Cybersecurity company Darktrace Plc is targeting a valuation of as much as 1.9 billion pounds ($2.6 billion) in a London initial public offering, boosting confidence in the City’s ability to attract technology listings post-Brexit and after Deliveroo Holdings Plc’s recent flop.
Darktrace is marketing shares in the offering at 220 pence to 280 pence apiece, according to terms of the deal seen by Bloomberg News. The company plans to sell 51.1 million to 65.1 million new shares and looks to raise proceeds of $200 million.
Management and employees are seeking to sell about $45 million of existing shares, with no sales by board members or the company’s top shareholders.

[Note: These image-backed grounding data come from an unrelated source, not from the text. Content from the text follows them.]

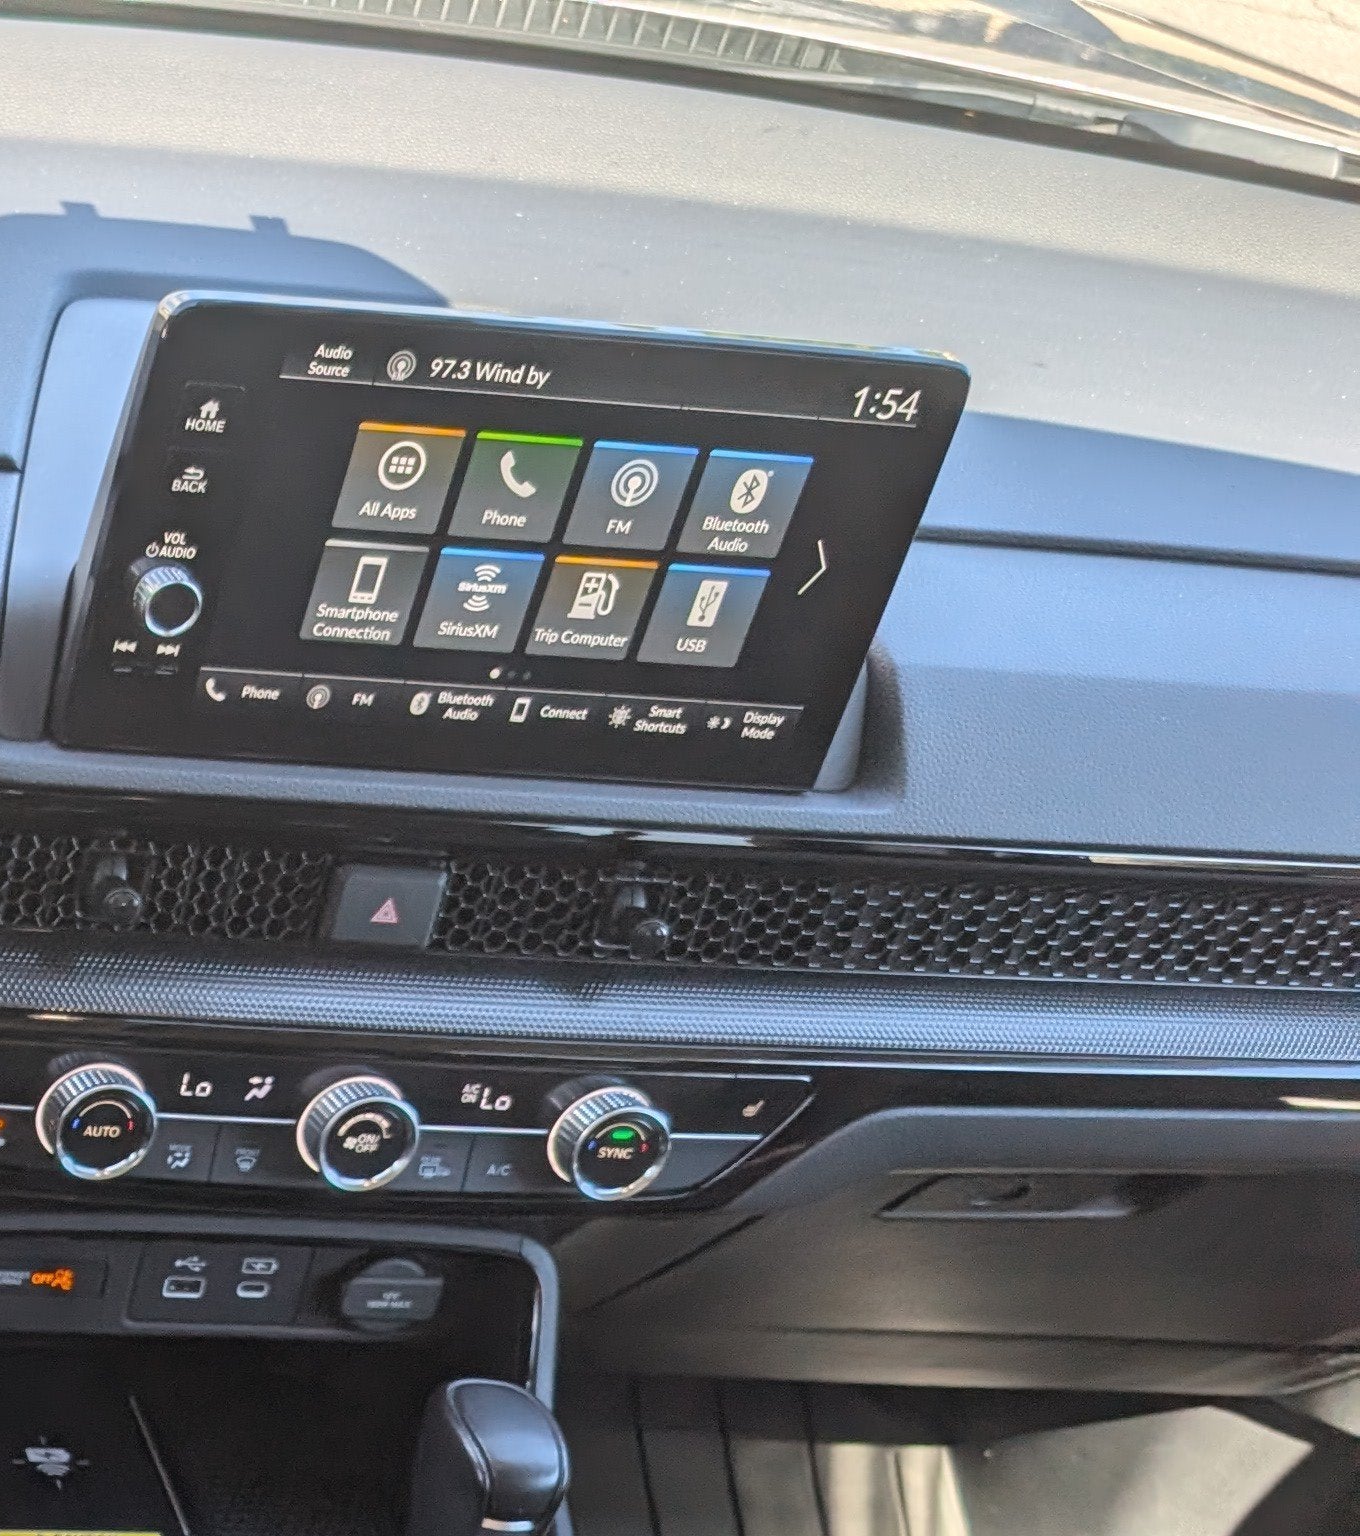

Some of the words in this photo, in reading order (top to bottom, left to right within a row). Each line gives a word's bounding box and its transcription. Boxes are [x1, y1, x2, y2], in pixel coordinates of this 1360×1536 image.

[314, 343, 353, 360] Audio
[307, 362, 350, 378] Source
[430, 359, 470, 380] 97.3
[475, 362, 523, 384] Wind
[526, 365, 551, 389] by
[853, 386, 922, 421] 1:54
[185, 418, 226, 433] HOME
[171, 479, 207, 493] BACK
[358, 500, 379, 517] All
[380, 503, 417, 521] Apps
[482, 509, 527, 528] Phone
[605, 518, 633, 535] FM
[702, 515, 769, 534] Bluetooth
[164, 531, 186, 546] VOL
[707, 537, 748, 553] Audio
[159, 546, 197, 560] AUDIO
[316, 603, 399, 623] Smartphone
[312, 621, 391, 642] Connection
[437, 620, 500, 640] SiriusXM
[534, 628, 559, 645] Trip
[561, 629, 628, 649] Computer
[675, 637, 708, 653] USB
[241, 684, 280, 701] Phone
[352, 692, 375, 707] FM
[437, 690, 495, 707] Bluetooth
[442, 707, 479, 722] Audio
[540, 704, 589, 721] Connect
[648, 704, 684, 720] Smart
[742, 710, 785, 728] Display
[633, 719, 688, 735] Shortcuts
[740, 726, 776, 741] Mode
[83, 1125, 121, 1138] AUTO
[596, 1146, 634, 1160] SYNC

Some former holders of its convertible loan notes could consider offering as much as $75 million to enable additional IPO liquidity, subject to price, the terms showed.

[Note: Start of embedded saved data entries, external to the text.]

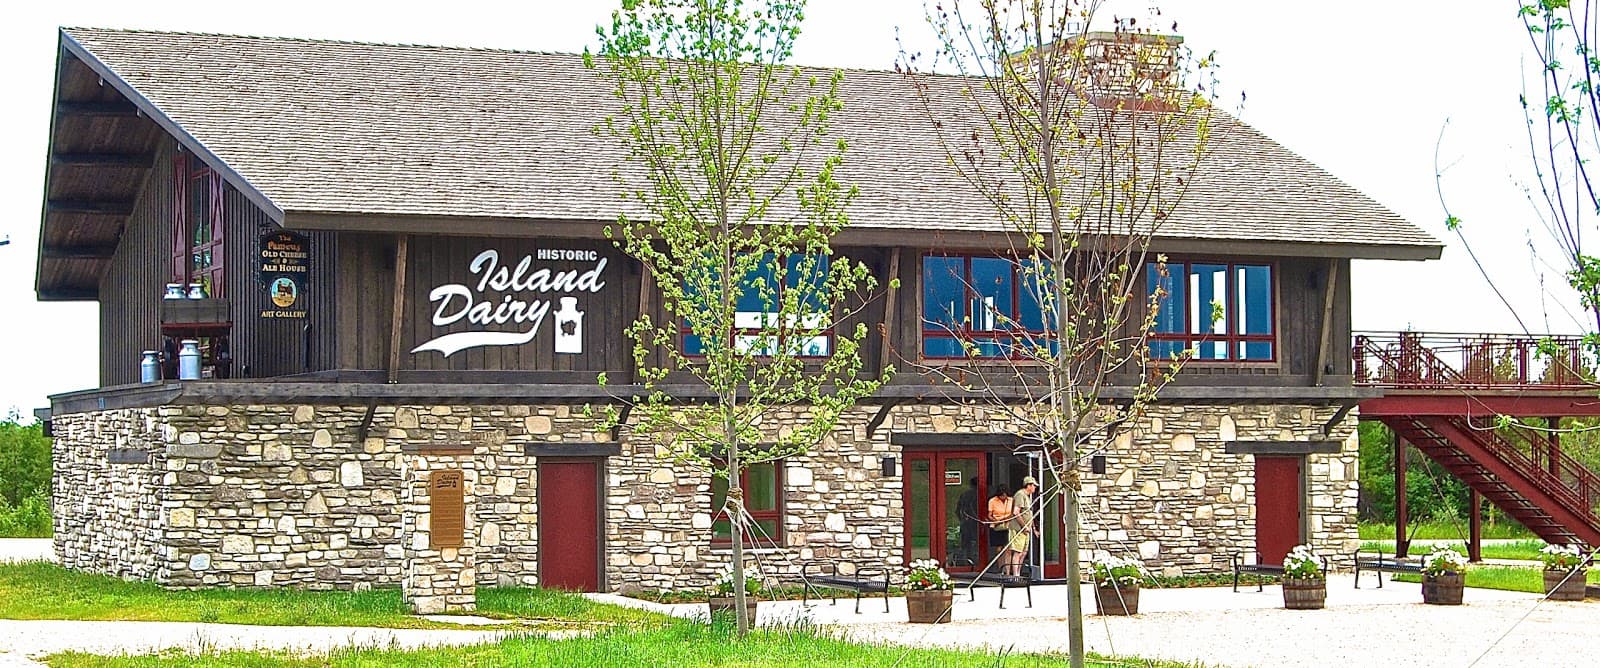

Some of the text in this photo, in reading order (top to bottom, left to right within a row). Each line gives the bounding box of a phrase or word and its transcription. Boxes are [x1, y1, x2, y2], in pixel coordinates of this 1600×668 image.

[262, 250, 307, 259] OLD CHEESE
[537, 249, 598, 261] HISTORIC
[262, 264, 277, 272] ALE
[469, 249, 608, 293] Island
[428, 284, 551, 345] Dairy

Darktrace is set to start trading on the London Stock Exchange’s premium segment on May 5 and expects to be eligible for FTSE’s benchmark equity indexes. The company, which is looking to list a stake of at least 20% in the IPO, has the option to increase the deal size by 15% if there’s sufficient investor demand.

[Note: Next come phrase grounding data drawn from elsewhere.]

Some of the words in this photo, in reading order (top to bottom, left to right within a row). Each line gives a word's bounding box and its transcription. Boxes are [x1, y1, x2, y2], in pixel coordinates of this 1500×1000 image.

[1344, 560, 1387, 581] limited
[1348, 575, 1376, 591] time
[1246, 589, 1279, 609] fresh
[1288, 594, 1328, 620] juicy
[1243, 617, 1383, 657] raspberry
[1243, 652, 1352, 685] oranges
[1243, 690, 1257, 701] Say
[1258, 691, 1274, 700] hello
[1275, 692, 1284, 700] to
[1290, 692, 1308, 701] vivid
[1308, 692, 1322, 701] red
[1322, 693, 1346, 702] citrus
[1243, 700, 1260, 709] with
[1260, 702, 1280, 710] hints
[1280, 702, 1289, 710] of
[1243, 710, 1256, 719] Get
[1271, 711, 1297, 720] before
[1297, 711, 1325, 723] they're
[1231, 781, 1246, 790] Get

Coming in the wake of food-delivery startup Deliveroo’s disastrous debut at the end of last month, Darktrace’s deal signals London remains an appealing venue for fast-growing companies. And Alphawave IP announced a rare British listing for a semiconductor technology firm on Thursday. U.K. IPOs have raised nearly $10 billion this year, according to data compiled by Bloomberg.
Darktrace plans to use proceeds to accelerate new product development, “drive broader awareness of the company’s products globally,” to strengthen its balance sheet and provide financial flexibility.
The company has been putting the pieces in place since at least late 2019 for a public offering. It was founded in 2013 by veterans of U.S. and British intelligence agencies and mathematicians from the University of Cambridge. Its technology uses artificial intelligence to learn how organizations work and employees communicate to detect irregularities and wall off cyberattacks to prevent them from spreading.
The listing has stirred up some dust, as Darktrace is one of the companies that received early funding and advice from British entrepreneur Mike Lynch’s Invoke Capital. Lynch, the founder of Autonomy Corp., is awaiting a verdict on a trial involving Autonomy’s more-than $10 billion sale to Hewlett-Packard Co. a decade ago. HP wrote down the vast majority of the deal in 2012 and has alleged that Lynch and his chief financial officer orchestrated an accounting fraud to make Autonomy more attractive in the sale, which both men have denied.
Darktrace said that its ties to Lynch and other ex-Autonomy executives represent a risk to the company. In addition to potential damage to its reputation, it said there’s a small chance of money-laundering offenses related its ties to Invoke and the risk of liabilities related to former Autonomy employees working at the company.
Lynch serves on Darktrace’s science and technology committee. A number of its executives also have Autonomy pedigree, including Chief Executive Officer Poppy Gustafsson and Chief Strategy Officer Nicole Eagan. Invoke is represented on Darktrace’s nine-member board by Vanessa Colomar. Newly appointed Chairman Gordon Hurst is also also on the board of Invoke’s fraud-detection business Featurespace.
Jefferies International Ltd., Joh. Berenberg, Gossler & Co. KG and KKR Capital Markets Partners LLP will arrange the sale if it goes ahead, with Needham & Co. and Piper Sandler & Co. as joint bookrunners.